Hapag-Lloyd CEO predicts early peak season for ocean shipping

Expect a softer March then a volume build, Habben Jansen says

(A Hapag-Lloyd vessel berthed at the Port of Los Angeles. Photo: Jim Allen / FreightWaves)

Hapag-Lloyd’s annual report for 2023 and financial results for Q4 reveal exactly how challenging the ocean container market has been for the largest steamship lines. The report, which the German container ship line released Thursday, notes that Liner Shipping revenues dropped 48.5% to 17.7 billion euros ($19.2 billion) from 2022 to 2023, and earnings before interest, taxes, depreciation and amortization fell by 77.1% to 4.4 billion euros over the same period.

The ocean carrier grew its volumes slightly, from 11.8 million twenty-foot equivalent units to 11.9 million TEUs, but the collapse of average freight rates from $2,863 per TEU to $1,500 per TEU meant that Hapag-Lloyd took in much less money for every box it moved, crushing its margins and profitability. As a group — in other words, consolidated Liner Shipping and Terminal and Infrastructure results — Hapag-Lloyd managed to generate profits of 2.9 billion euros in 2023, down 82.6% from 17 billion euros in 2022.

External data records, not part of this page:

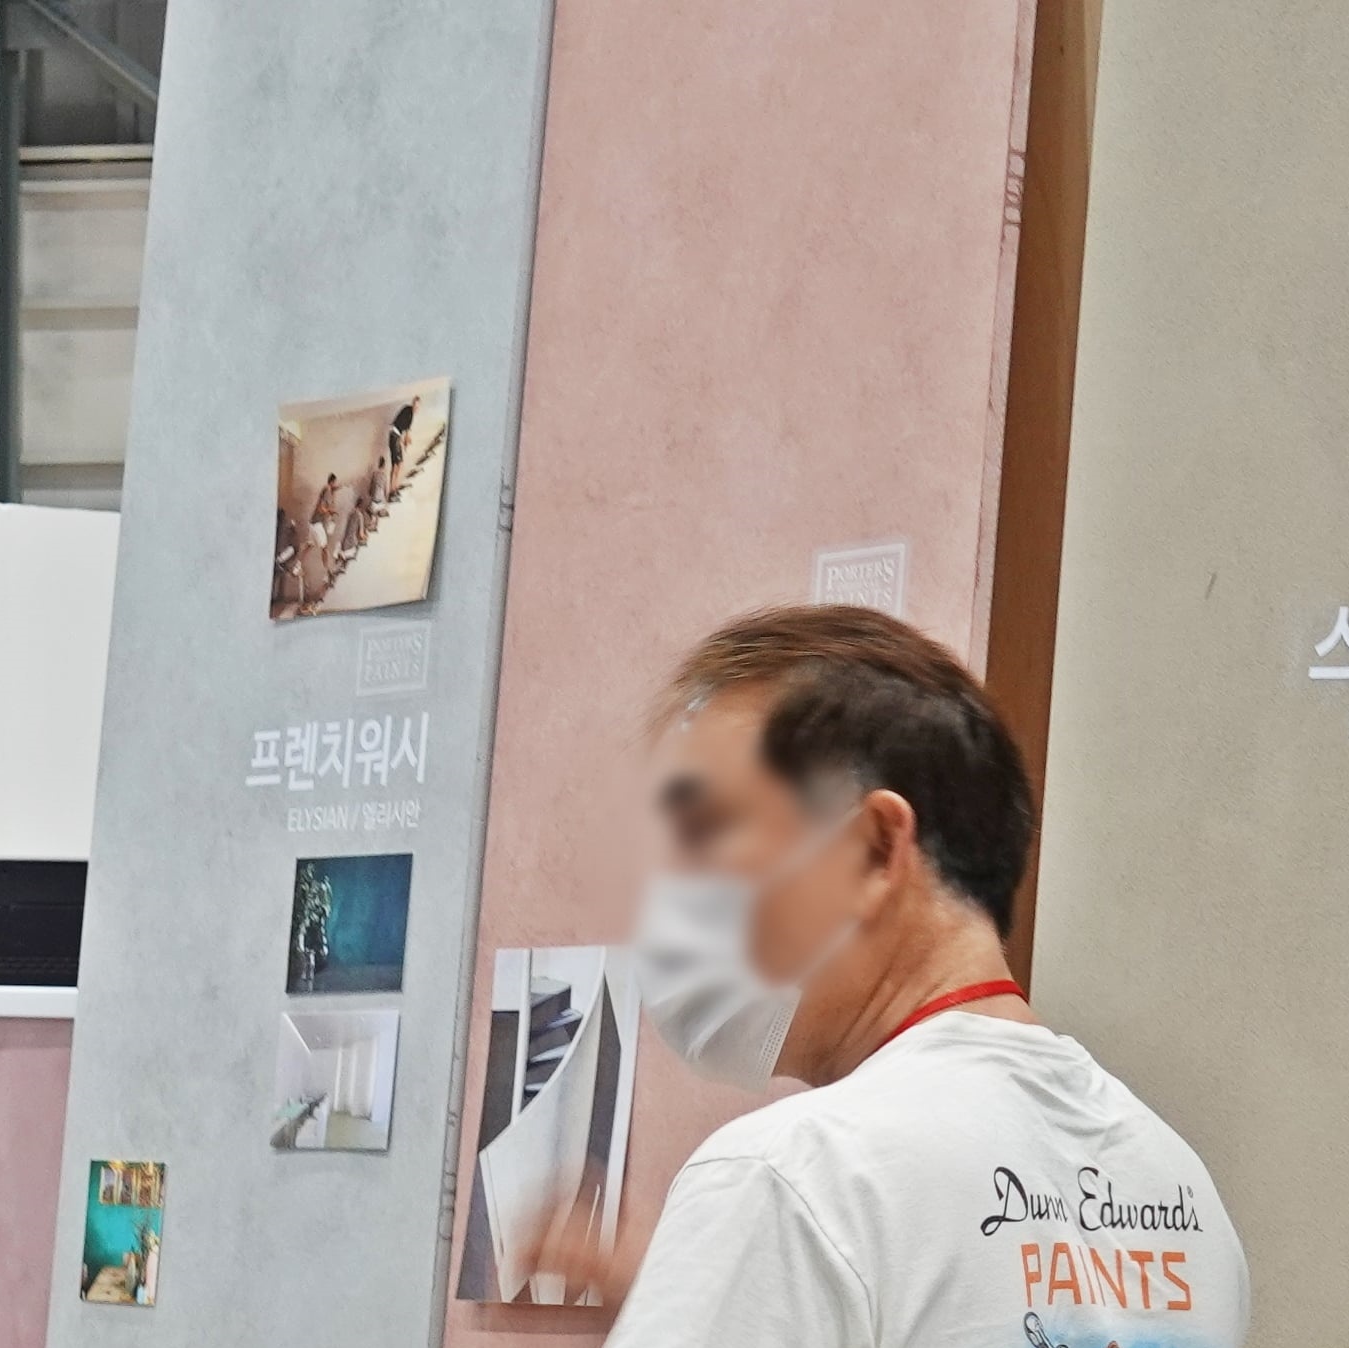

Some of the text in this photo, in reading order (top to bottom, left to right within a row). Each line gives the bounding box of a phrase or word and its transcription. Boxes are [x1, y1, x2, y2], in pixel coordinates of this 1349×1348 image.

[244, 711, 430, 791] 프렌치워시
[286, 804, 349, 833] ELYSIAN
[362, 797, 422, 831] 엘리시안
[980, 1166, 1068, 1237] Dunn
[1020, 1242, 1192, 1311] PAINTS

Note that Hapag-Lloyd’s 2023 results were still the third-best profitability result in the group’s history; the steep decline in freight rates, revenues and EBITDA indicated the popping of the pandemic-era bubble in transportation demand rather than any fundamental weakness in Hapag-Lloyd’s business.

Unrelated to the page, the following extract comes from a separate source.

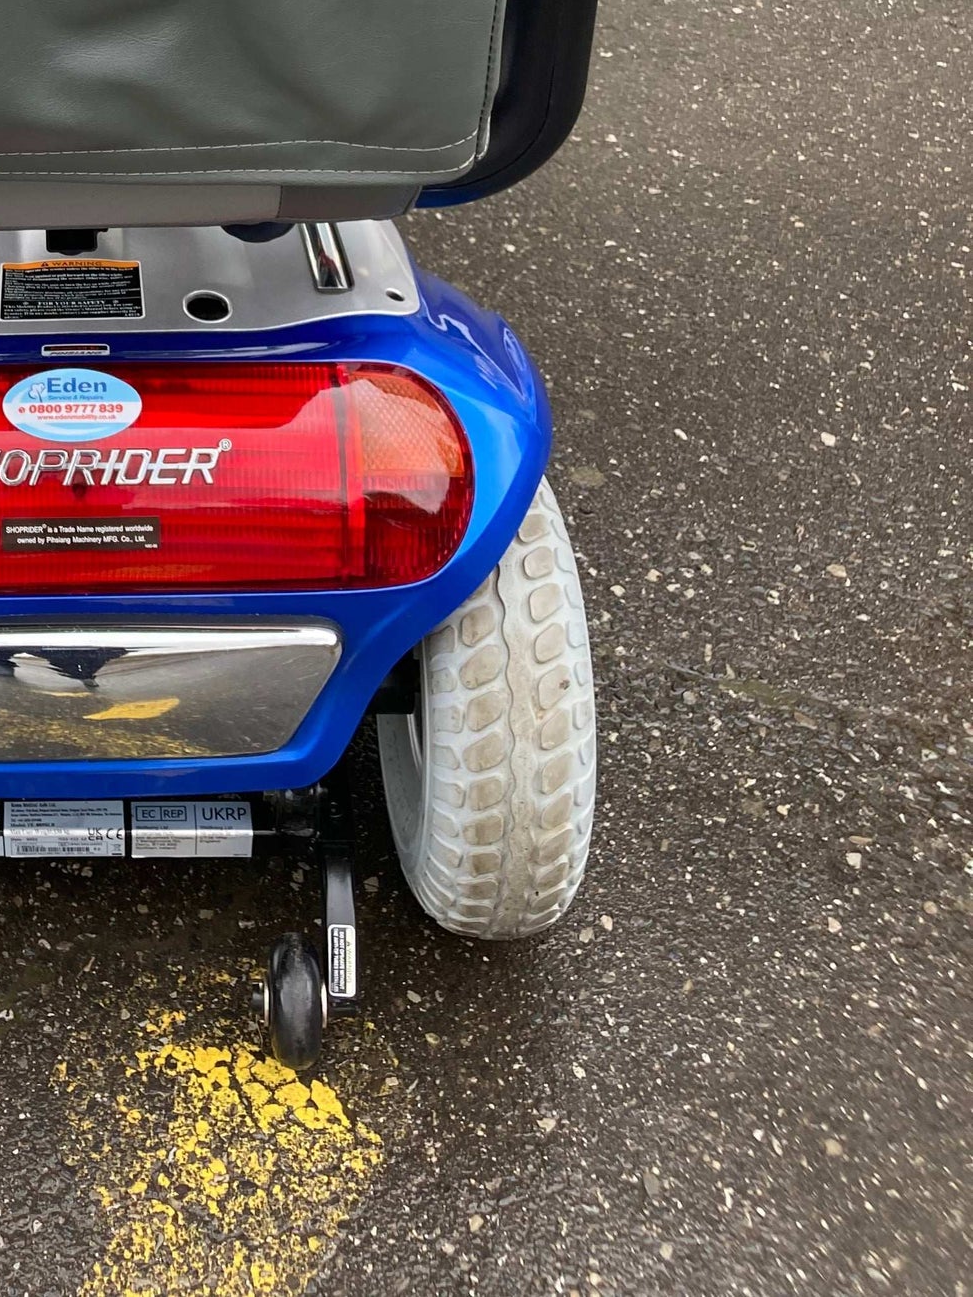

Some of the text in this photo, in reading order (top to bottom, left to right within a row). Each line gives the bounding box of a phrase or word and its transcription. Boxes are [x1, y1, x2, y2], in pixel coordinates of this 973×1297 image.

But when it came time to discuss Hapag-Lloyd’s financial results on CNBC, CEO Rolf Habben Jansen was already painting a rosier picture: Inventories are depleted worldwide, Habben Jansen said, and the volumes were picking up nicely after the Lunar New Year. Peak season will come early this year, he predicted.


“I would also expect that peak season is going to start a little bit early,” Habben Jansen told CNBC. “I also expect that there’ll be quite a number of people who tried to bring in their goods somewhere between June and August.”

Typically, ocean container peak season runs from September to October, effectively ending with Golden Week each year. That gives importers enough time to pick up boxes at the port, transload them at nearby warehouses, and then move them to inland distribution centers by rail or truck, ingesting them into their domestic supply chain in time for peak retail season in November and December.

(Monthly loaded imports at U.S. West Coast ports. Chart: Susquehanna)

So far, 2023 containerized imports have started off strong, but favorable year-over-year comps have also been supported by the timing of the Lunar New Year. In 2023, the holiday began on Jan. 22, while it started on Feb. 10 this year. The historical imports data in the chart above shows that the depressed volume effects following the holiday are roughly evenly split between February and March, depending on the year — 2024 should see a weaker March.

If Habben Jansen is right, though, soft conditions won’t last long, and we may see elevated, peak-ish volumes as soon as early summer. The thinking here is that while labor conditions at West Coast ports have stabilized since last year’s contract negotiations, it’s now the East and Gulf Coast ports’ time to settle up with their unions. Strikes are always on the table as dockworkers try to put pressure on port authorities prior to the signing of these important multiyear agreements, so shippers, Habben Jansen believes, will try to move their goods into the country earlier rather than later.